Records shown Block Start

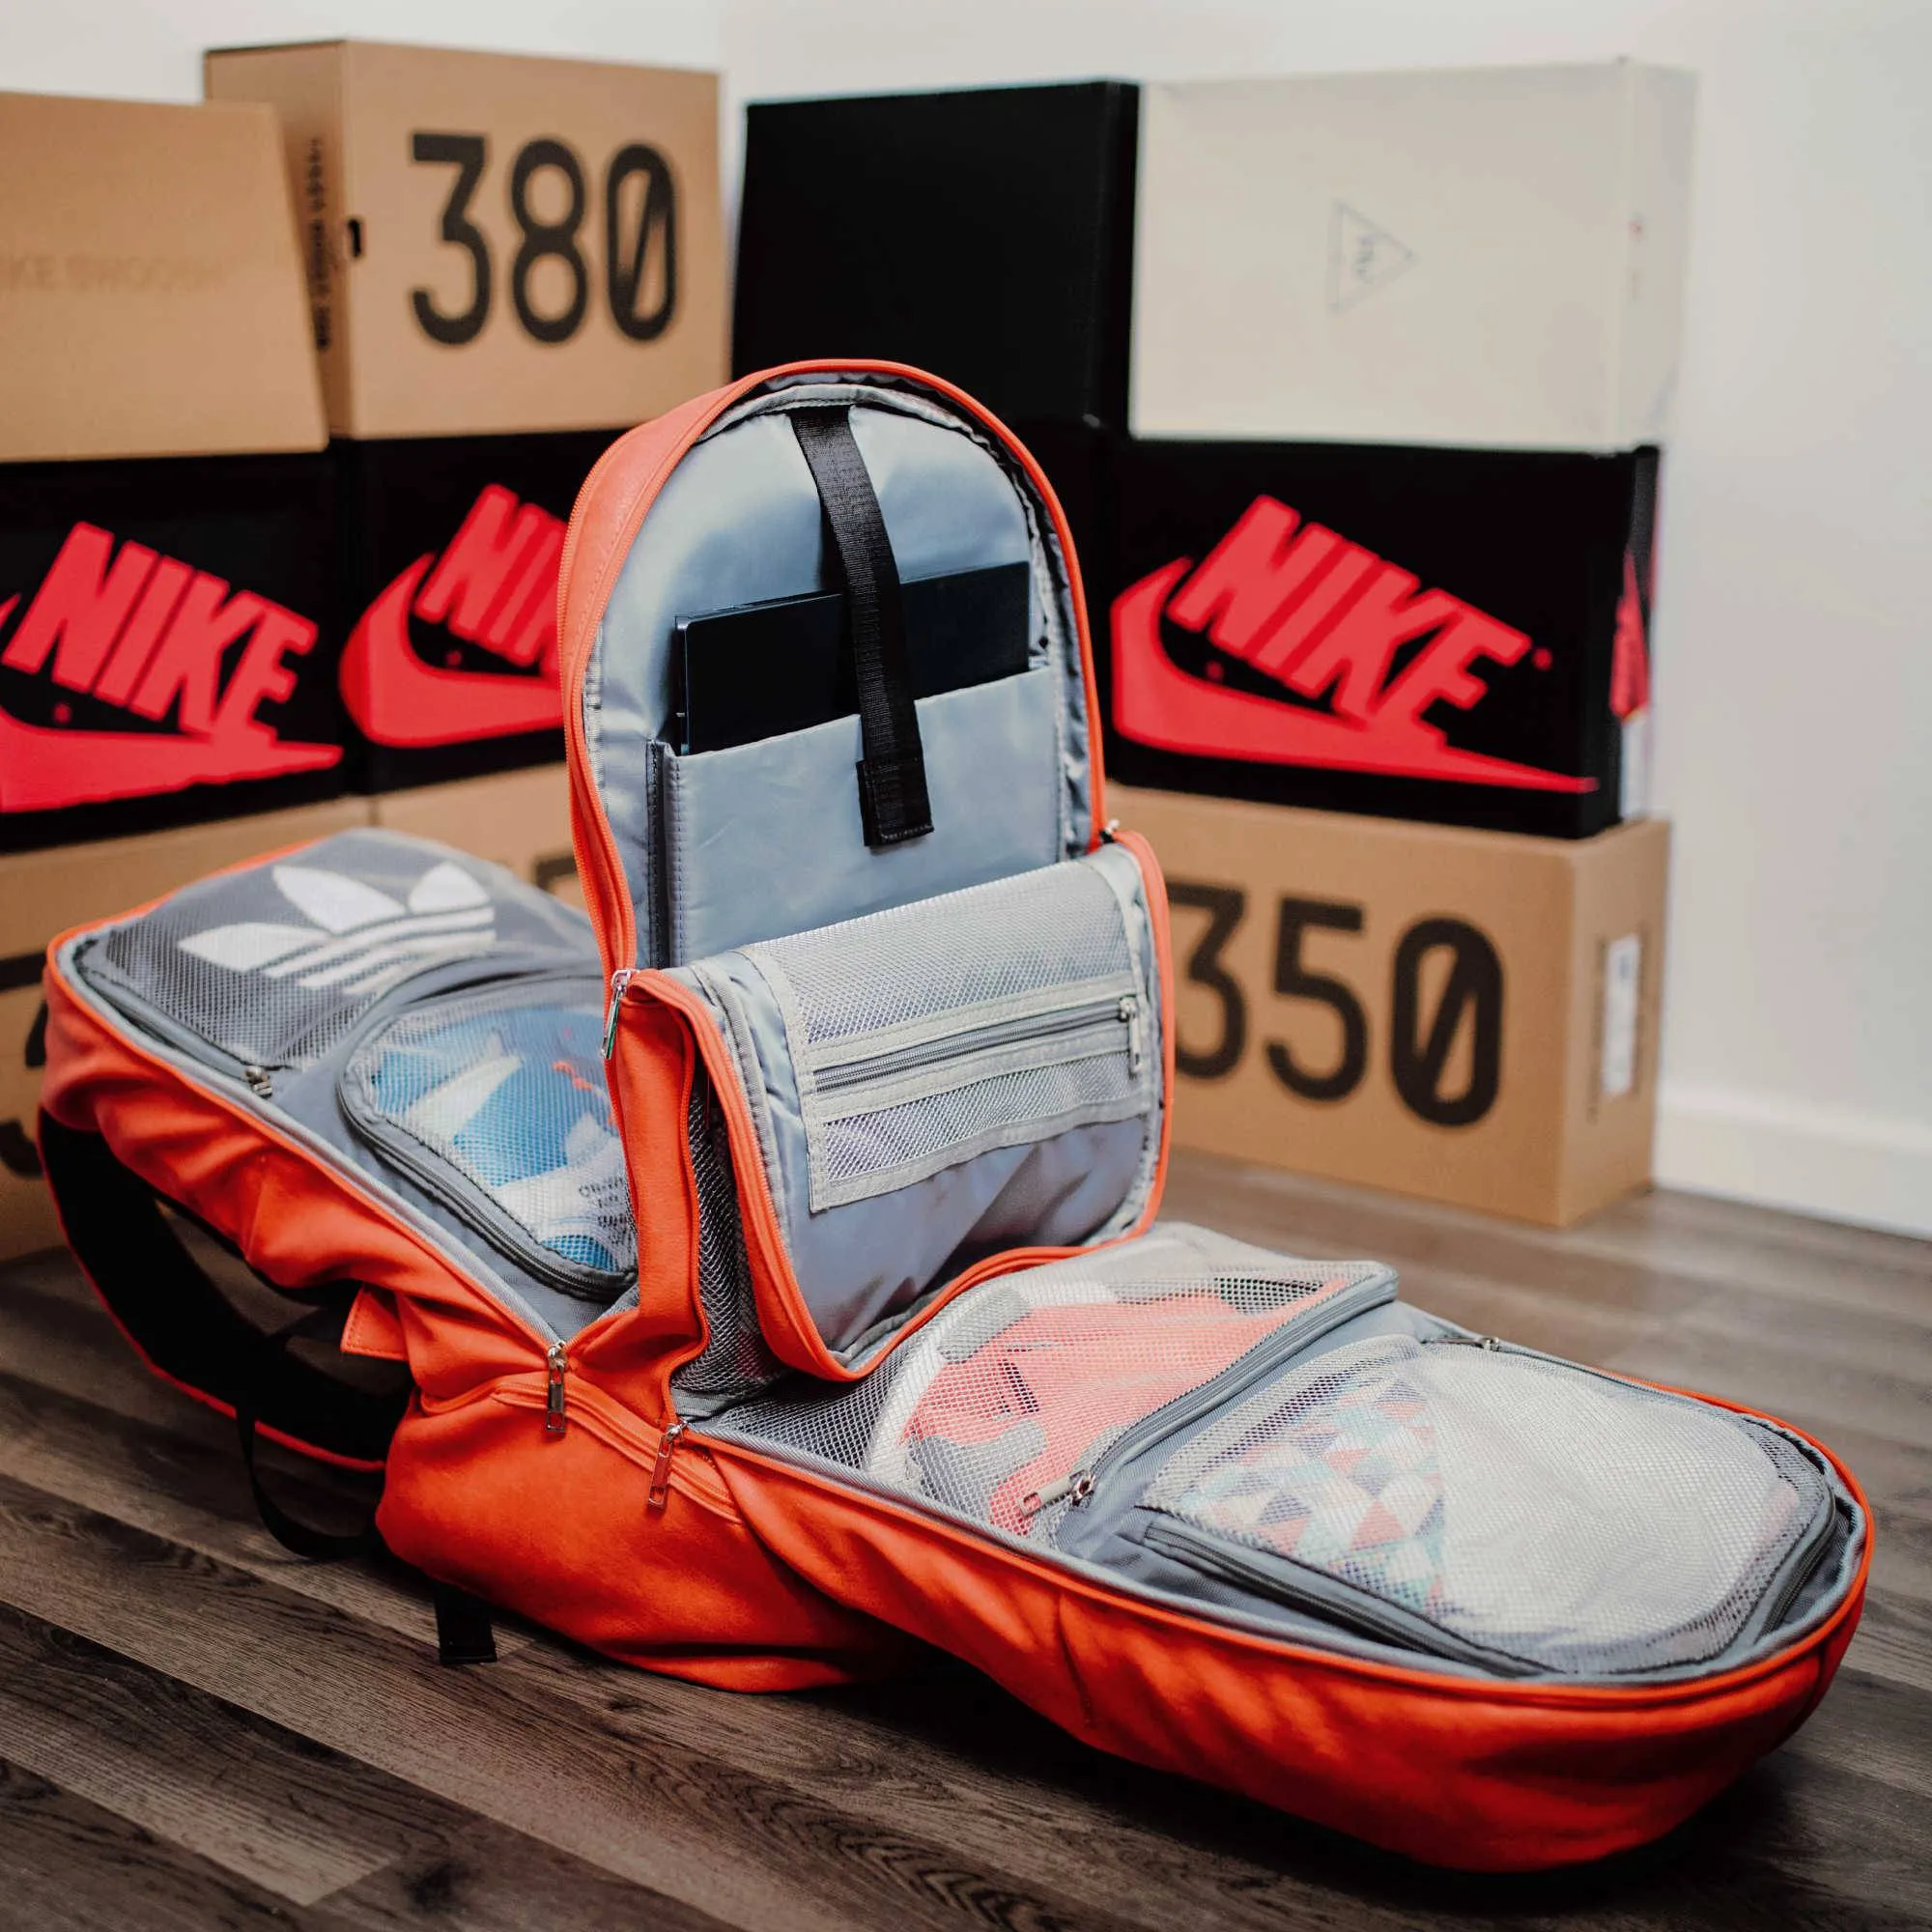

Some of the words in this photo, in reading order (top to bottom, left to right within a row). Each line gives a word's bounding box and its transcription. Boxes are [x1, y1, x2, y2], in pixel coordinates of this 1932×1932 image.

[411, 131, 678, 346] 380
[1, 521, 319, 748] NIKE
[1167, 494, 1533, 746] NIKE
[1167, 877, 1505, 1128] 350
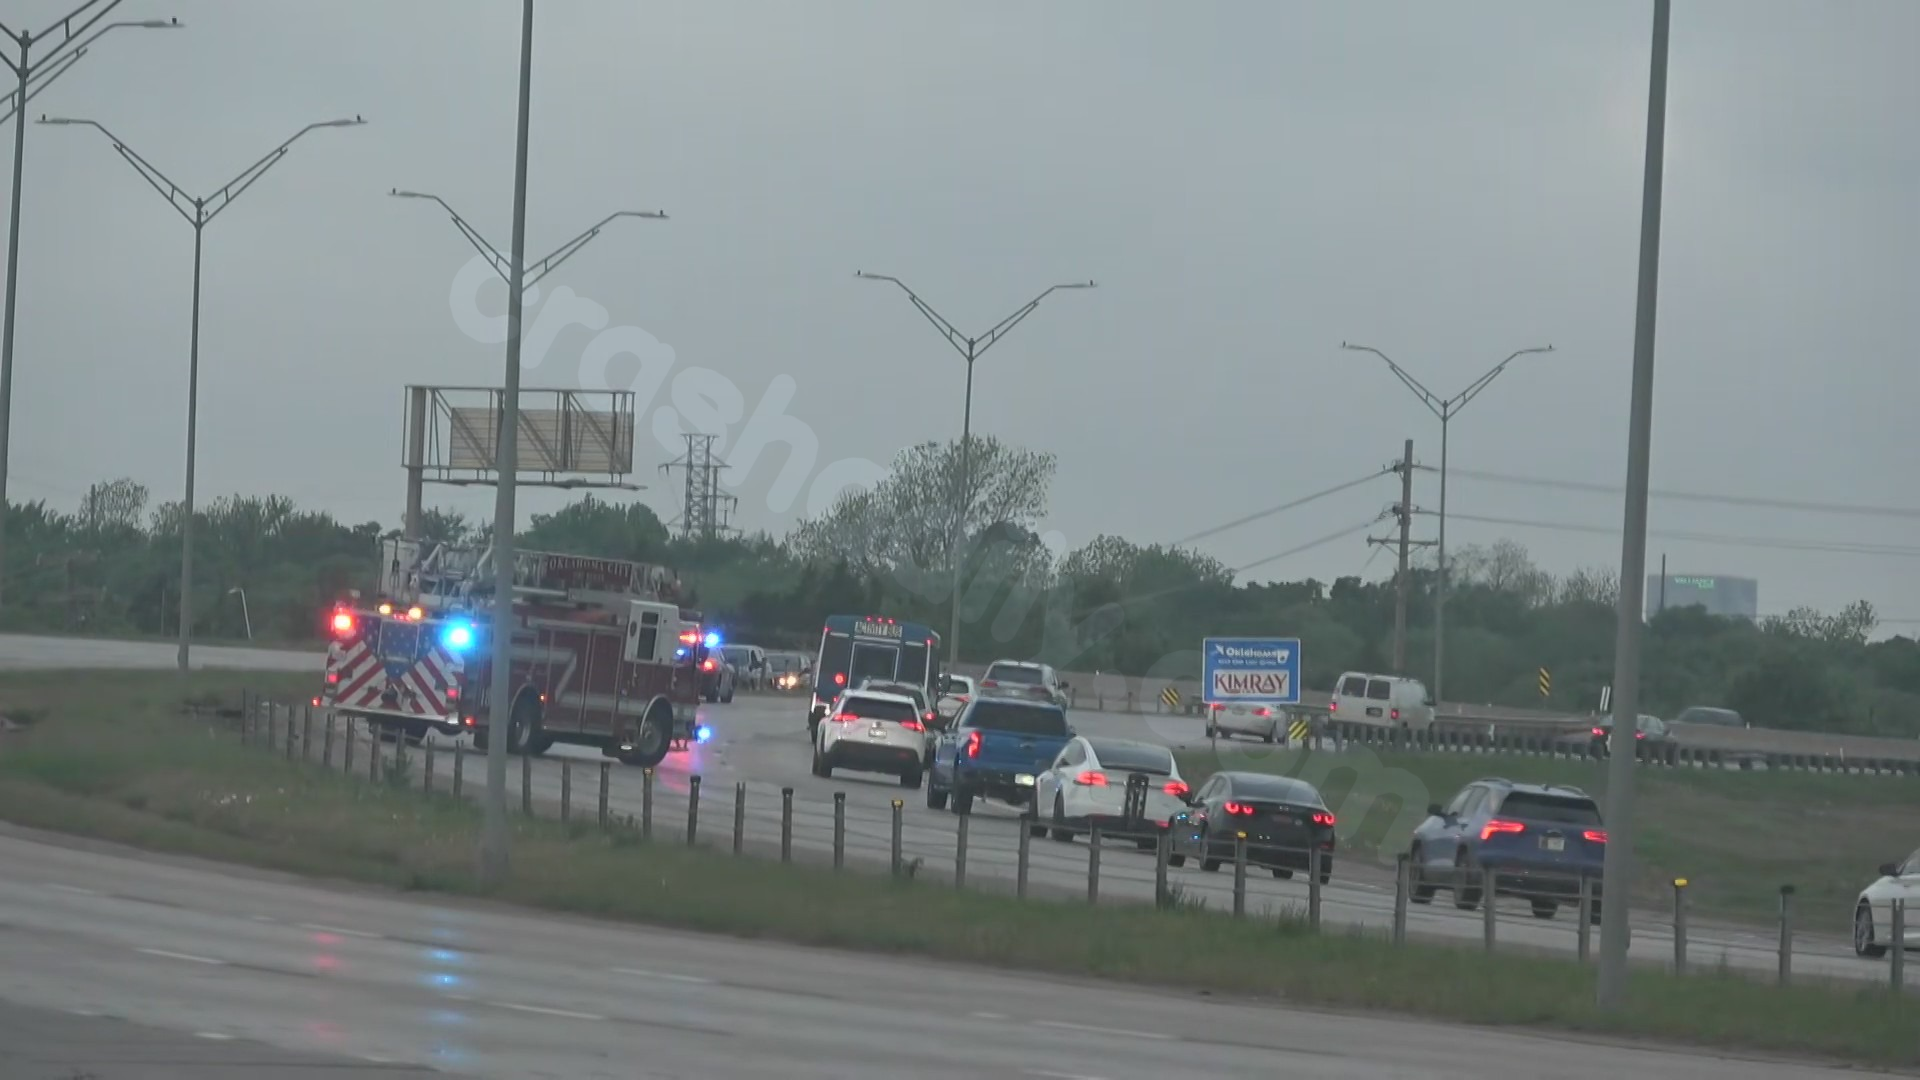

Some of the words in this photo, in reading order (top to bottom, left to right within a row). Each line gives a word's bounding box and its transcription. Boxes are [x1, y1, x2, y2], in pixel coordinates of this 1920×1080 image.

[549, 556, 605, 572] OKLAHOMA
[607, 563, 631, 578] CITY
[1215, 674, 1287, 694] KIMRAY
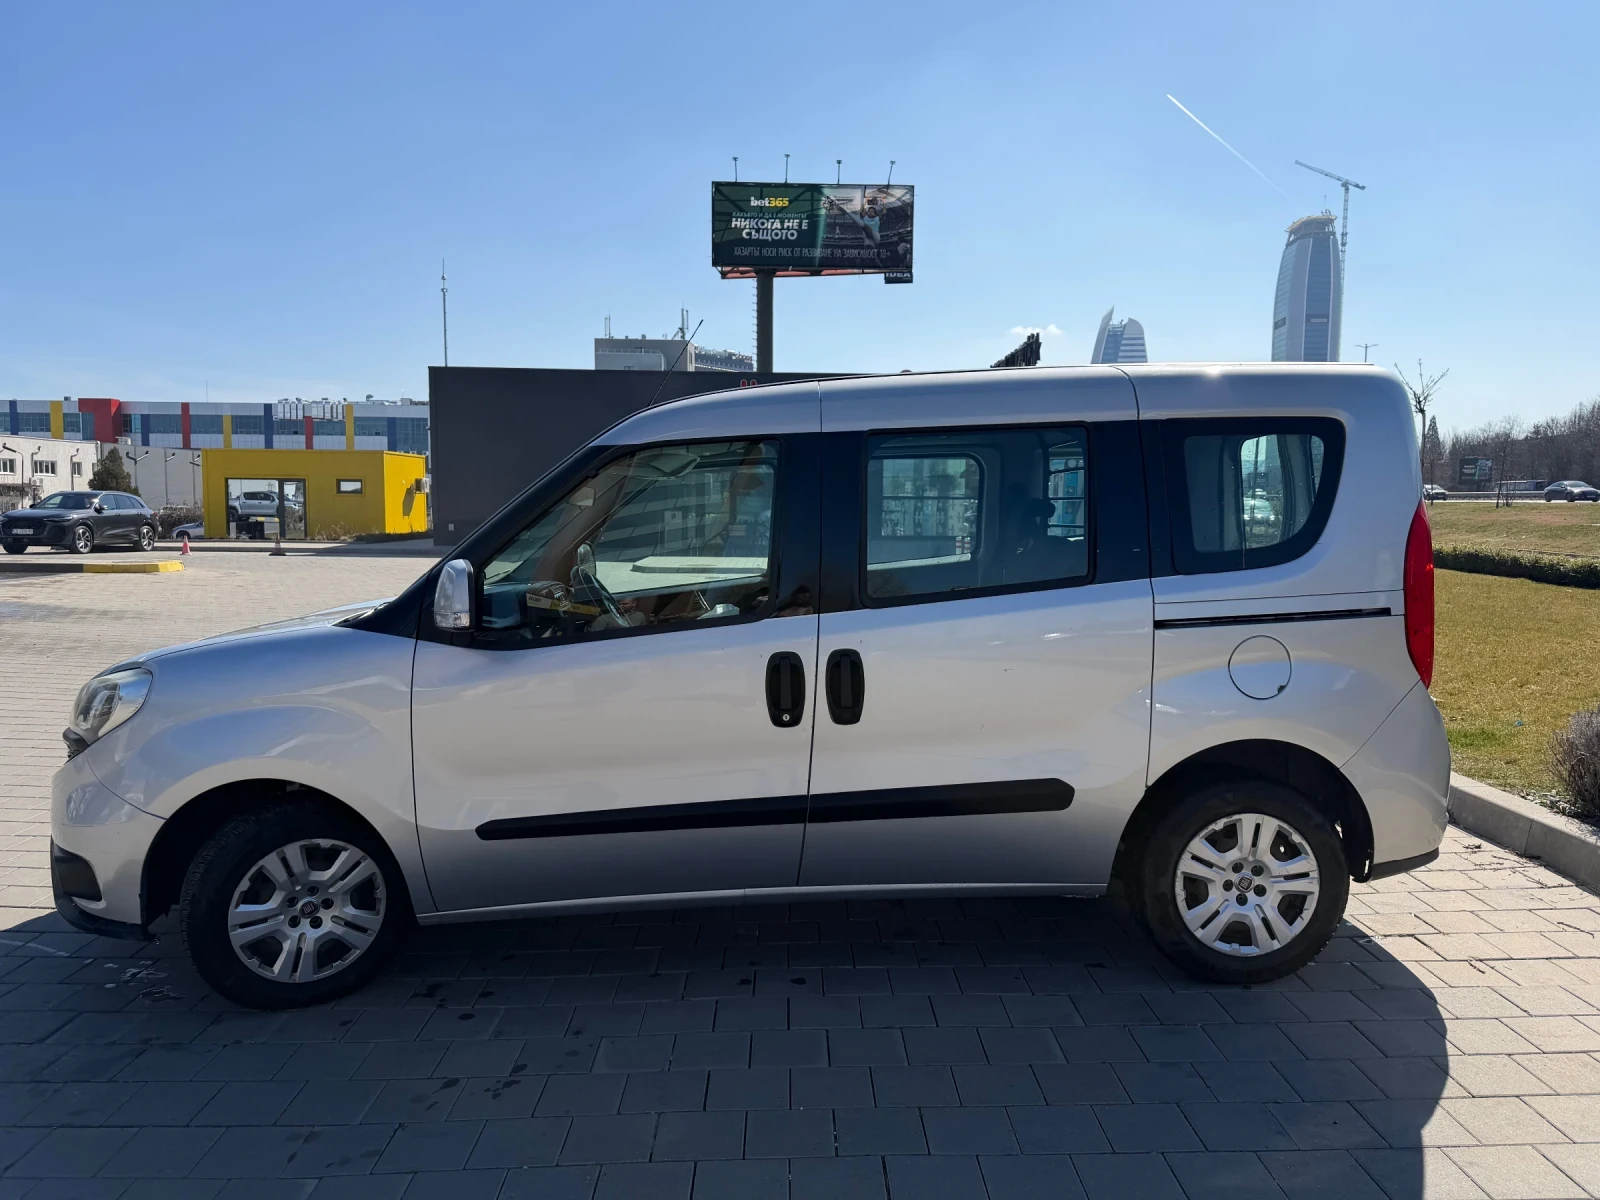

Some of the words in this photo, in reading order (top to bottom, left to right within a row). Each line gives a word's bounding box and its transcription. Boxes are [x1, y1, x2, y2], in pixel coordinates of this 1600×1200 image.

[750, 196, 790, 207] bet365
[731, 218, 782, 230] НИКОГА
[784, 219, 800, 230] НЕ
[801, 219, 809, 230] Е
[742, 229, 798, 242] СЪЩОТО
[733, 246, 761, 256] ХАЗАРТЪТ
[761, 247, 777, 256] НОСИ
[778, 247, 792, 257] РИСК
[794, 248, 801, 257] ОТ
[833, 248, 842, 258] НА

Records shown Block End

■ What is expected ■
For this exercise, return every entry verbatim and omit all pictures.

■ Answer space ■
Some of the words in this photo, in reading order (top to bottom, left to right within a row). Each line gives a word's bounding box and its transcription. Boxes are [x1, y1, x2, y2], in pixel coordinates of this 1932×1932 image.

[411, 131, 678, 346] 380
[1, 521, 319, 748] NIKE
[1167, 494, 1533, 746] NIKE
[1167, 877, 1505, 1128] 350

Some of the words in this photo, in reading order (top to bottom, left to right within a row). Each line gives a word's bounding box and its transcription. Boxes are [x1, y1, x2, y2], in pixel coordinates of this 1920×1080 image.

[549, 556, 605, 572] OKLAHOMA
[607, 563, 631, 578] CITY
[1215, 674, 1287, 694] KIMRAY

Some of the words in this photo, in reading order (top to bottom, left to right within a row). Each line gives a word's bounding box and its transcription. Boxes are [x1, y1, x2, y2], in pixel coordinates of this 1600×1200 image.

[750, 196, 790, 207] bet365
[731, 218, 782, 230] НИКОГА
[784, 219, 800, 230] НЕ
[801, 219, 809, 230] Е
[742, 229, 798, 242] СЪЩОТО
[733, 246, 761, 256] ХАЗАРТЪТ
[761, 247, 777, 256] НОСИ
[778, 247, 792, 257] РИСК
[794, 248, 801, 257] ОТ
[833, 248, 842, 258] НА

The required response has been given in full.